Verschulden nicht erforderlich

Es kommt für einen Unterlassungsanspruch des Markeninhabers ausdrücklich nicht darauf an, dass die Markenverletzung von dem Anspruchsgegner schuldhaft vorgenommen wurde. Von einem Gericht wird bei der Prüfung eines Unterlassungsanspruchs bei einer Markenverletzung also nicht danach gefragt, ob der Verletzer die Markenverletzung hätte vermeiden können oder ob die Verletzung des Markenrechts fahrlässig oder sogar vorsätzlich vorgenommen wurde. Der Tatbestand der Markenverletzung an sich reicht regelmäßig aus, um einen Unterlassungsanspruch zu begründen.

Hat der Markeninhaber ein auf Unterlassen gerichtetes Urteil gegen den Verletzter erstritten, dann ist sein Unterlassungsanspruch nicht nur auf die im Urteil konkret formulierte Verletzungsform beschränkt, sondern „umfasst auch Abwandlungen, wenn in ihnen das Charakteristische der titulierten Form zum Ausdruck kommt“ (BGH, Urteil vom 18. 6. 2009 - I ZR 47/07).

Gläubiger des Unterlassungsanspruchs

Einen Unterlassungsanspruch geltend machen kann grundsätzlich nur der Inhaber der verletzten Marke.

Ein Lizenznehmer kann eine Unterlassungsklage wegen Verletzung einer Marke nur mit Zustimmung des Markeninhabers erheben, § 30 Abs. 3 MarkenG.

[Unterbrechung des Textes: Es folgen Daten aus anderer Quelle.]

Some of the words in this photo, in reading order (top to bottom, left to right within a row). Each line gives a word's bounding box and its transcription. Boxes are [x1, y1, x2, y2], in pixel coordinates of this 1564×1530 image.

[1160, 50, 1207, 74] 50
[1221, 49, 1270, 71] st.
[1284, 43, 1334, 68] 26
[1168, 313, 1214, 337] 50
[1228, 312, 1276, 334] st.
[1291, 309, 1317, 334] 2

Schuldner des Unterlassungsanspruchs

Auf Unterlassen in Anspruch genommen werden kann der unmittelbare Täter einer Markenverletzung und jeder Teilnehmer, der zu der Verletzungshandlung angestiftet hat oder sie mit zumindest bedingtem Vorsatz gefördert hat. Auch der Inhaber eines Unternehmens oder Betriebs kann auf Unterlassen einer Markenverletzung in Anspruch genommen werden, wenn die Verletzung nicht von dem Inhaber selber, wohl aber von einem seiner Angestellten oder Beauftragten im Rahmen einer unternehmensbezogenen Tätigkeit begangen wurde.

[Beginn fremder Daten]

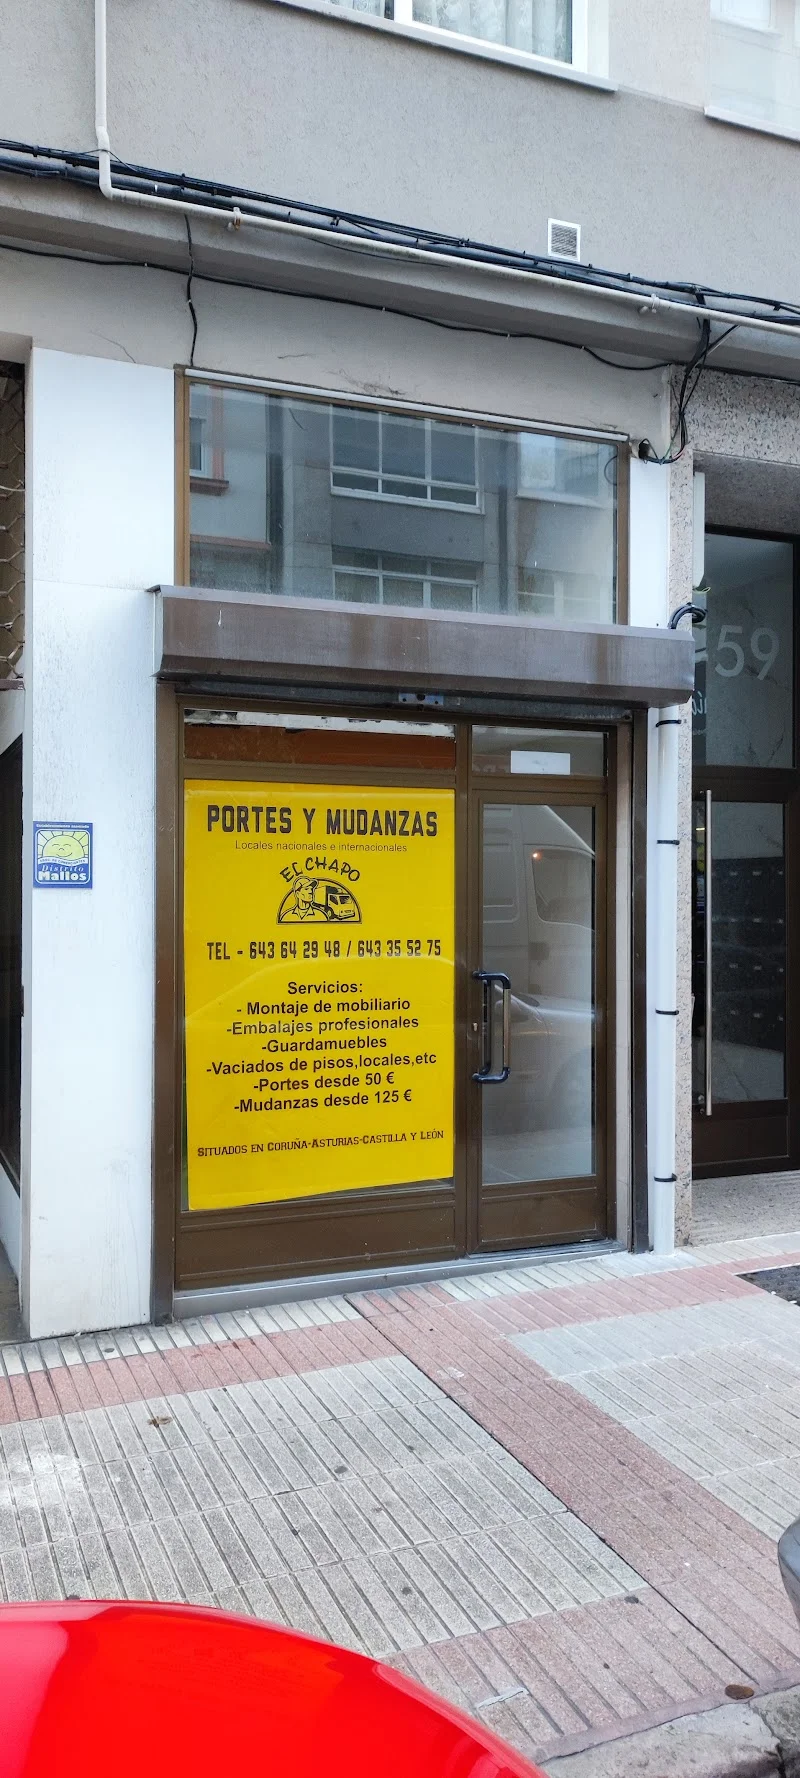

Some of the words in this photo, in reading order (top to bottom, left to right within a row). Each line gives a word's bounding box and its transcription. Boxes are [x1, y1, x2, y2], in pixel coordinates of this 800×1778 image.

[715, 625, 780, 680] 59
[208, 805, 291, 833] PORTES
[303, 808, 315, 834] Y
[327, 809, 437, 836] MUDANZAS
[236, 840, 273, 849] Locales
[277, 842, 327, 850] nacionales
[339, 843, 407, 851] internacionales
[38, 871, 87, 880] Mallos
[280, 862, 303, 883] EL
[304, 857, 360, 883] CHAPO
[207, 942, 230, 960] TEL
[250, 942, 274, 959] 643
[281, 941, 296, 958] 64
[303, 941, 318, 958] 29
[325, 941, 340, 957] 48
[358, 940, 381, 957] 643
[387, 940, 401, 957] 35
[407, 940, 421, 957] 52
[427, 940, 440, 956] 75
[288, 981, 362, 994] Servicios:
[248, 1001, 308, 1016] Montaje
[314, 1000, 331, 1012] de
[337, 998, 410, 1011] mobiliario
[319, 1016, 418, 1034] profesionales
[290, 1058, 307, 1070] de
[315, 1074, 359, 1088] desde
[366, 1073, 381, 1085] 50
[386, 1072, 394, 1084] €
[324, 1093, 368, 1106] desde
[375, 1090, 399, 1103] 125
[404, 1089, 411, 1101] €

Weiter werden von der Rechtsprechung bei Markenverletzungen im Einzelfall auch Unterlassungsansprüche gegen den so genannten „Störer“ bejaht. Das kann jeder sein, der „willentlich und adäquat kausal“ zur Verletzung vom Markenrechten beiträgt, ohne Täter oder Teilnehmer zu sein (BGH, Urteil vom 11.03.2009, I ZR 114/06).

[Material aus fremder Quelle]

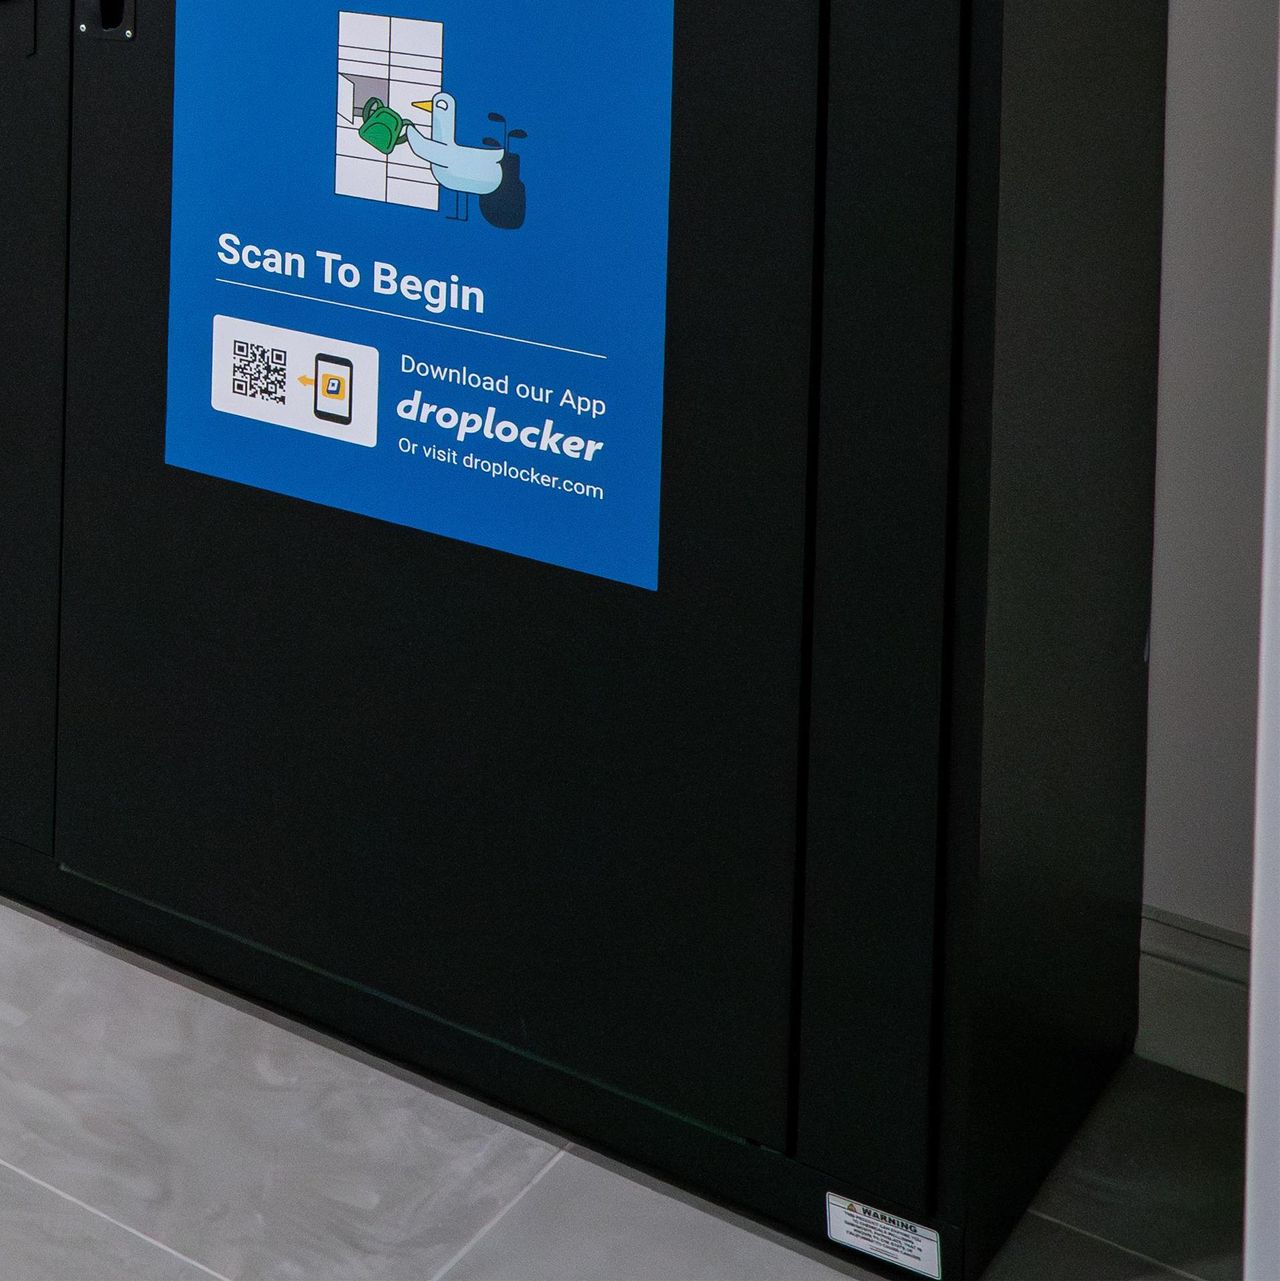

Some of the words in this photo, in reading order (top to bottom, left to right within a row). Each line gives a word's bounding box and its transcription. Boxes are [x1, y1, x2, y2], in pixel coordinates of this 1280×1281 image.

[216, 232, 305, 279] Scan
[316, 250, 361, 288] To
[373, 261, 485, 314] Begin
[401, 354, 510, 395] Download
[515, 380, 554, 404] our
[559, 388, 607, 418] App
[396, 390, 604, 462] droplocker
[398, 438, 418, 457] Or
[423, 442, 458, 466] visit
[462, 452, 605, 500] droplocker.com
[862, 1207, 918, 1233] WARNING

Verwirkung von Unterlassungsansprüchen

Ein Anspruch auf Unterlassen der Benutzung einer Marke kann auch verwirkt werden. Dies ist nach der Regelung in § 21 MarkenG immer dann der Fall, wenn ein Markenrecht durch eine zeitlich spätere Marke verletzt wird, der Inhaber von diesem Umstand Kenntnis hat und ihn während fünf aufeinander folgender Jahre geduldet hat. Bei positiver Kenntnis und nachfolgender fünfjähriger Duldung des (objektiv vorliegenden) Verstoßes verwirkt der Markeninhaber seinen Anspruch auf Unterlassen.